**** DATA FOR THE TASK ****

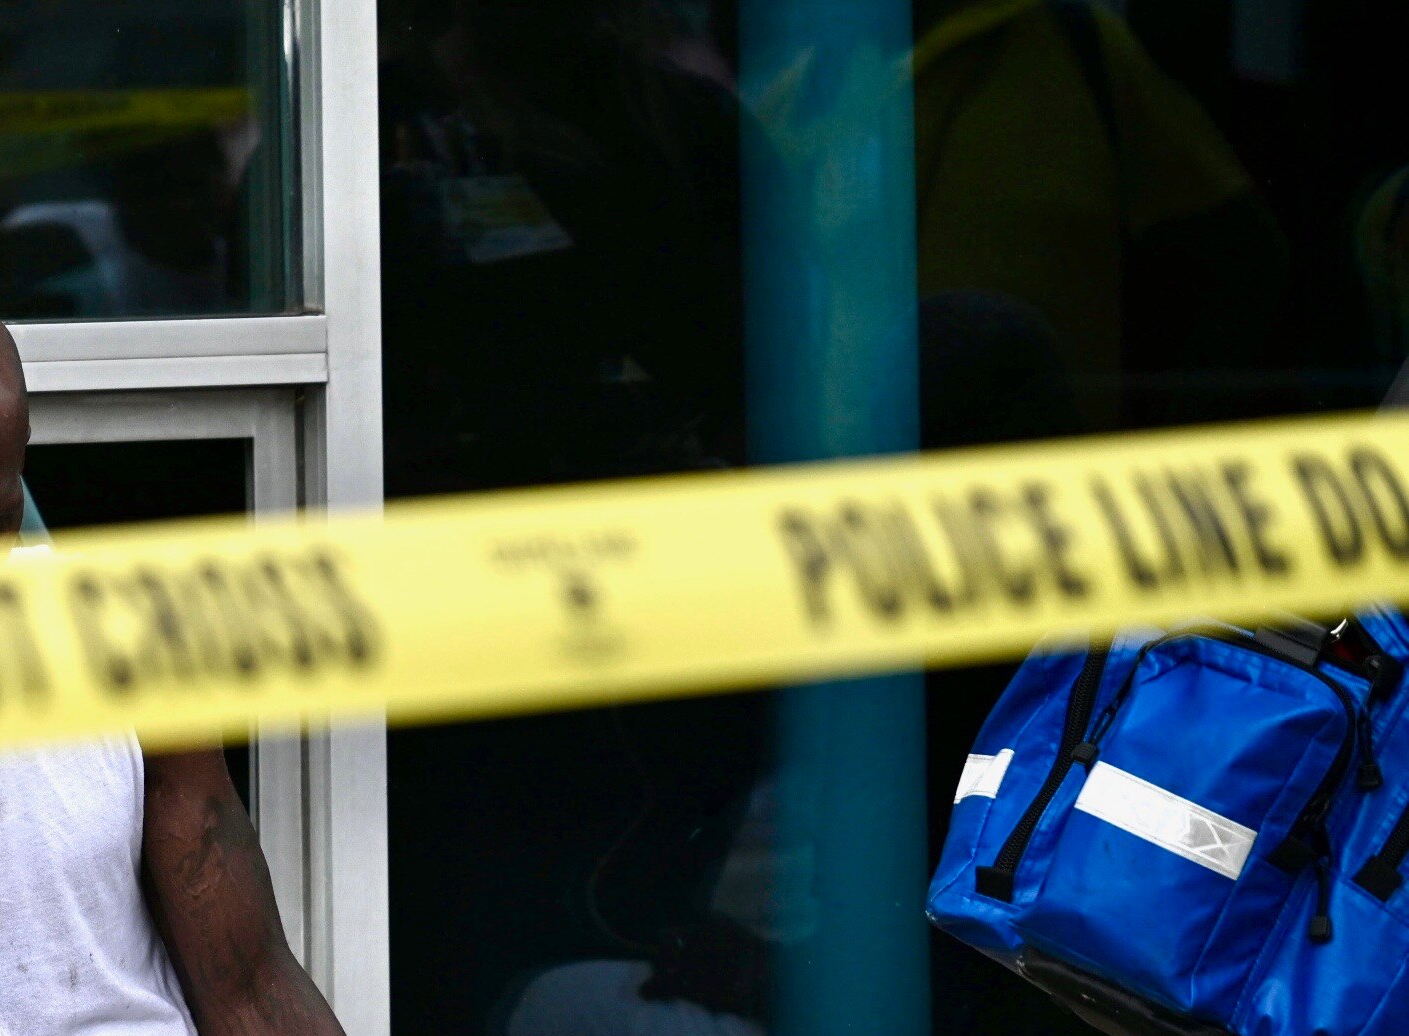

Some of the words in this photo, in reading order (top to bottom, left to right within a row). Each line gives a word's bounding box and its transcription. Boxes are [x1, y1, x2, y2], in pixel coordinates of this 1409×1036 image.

[71, 550, 381, 690] CROSS
[779, 478, 1093, 634] POLICE
[1087, 456, 1291, 592] LINE
[1289, 444, 1409, 574] DO

****

# [WHAT TO WORK ON]
Transcribe the entries word for word, without their pictures.

# [EXERCISE OUTPUT]
Some of the words in this photo, in reading order (top to bottom, left to right within a row). Each line gives a word's bounding box and its transcription. Boxes are [x1, y1, x2, y2], in pixel coordinates of this 1409×1036 image.

[71, 550, 381, 690] CROSS
[779, 478, 1093, 634] POLICE
[1087, 456, 1291, 592] LINE
[1289, 444, 1409, 574] DO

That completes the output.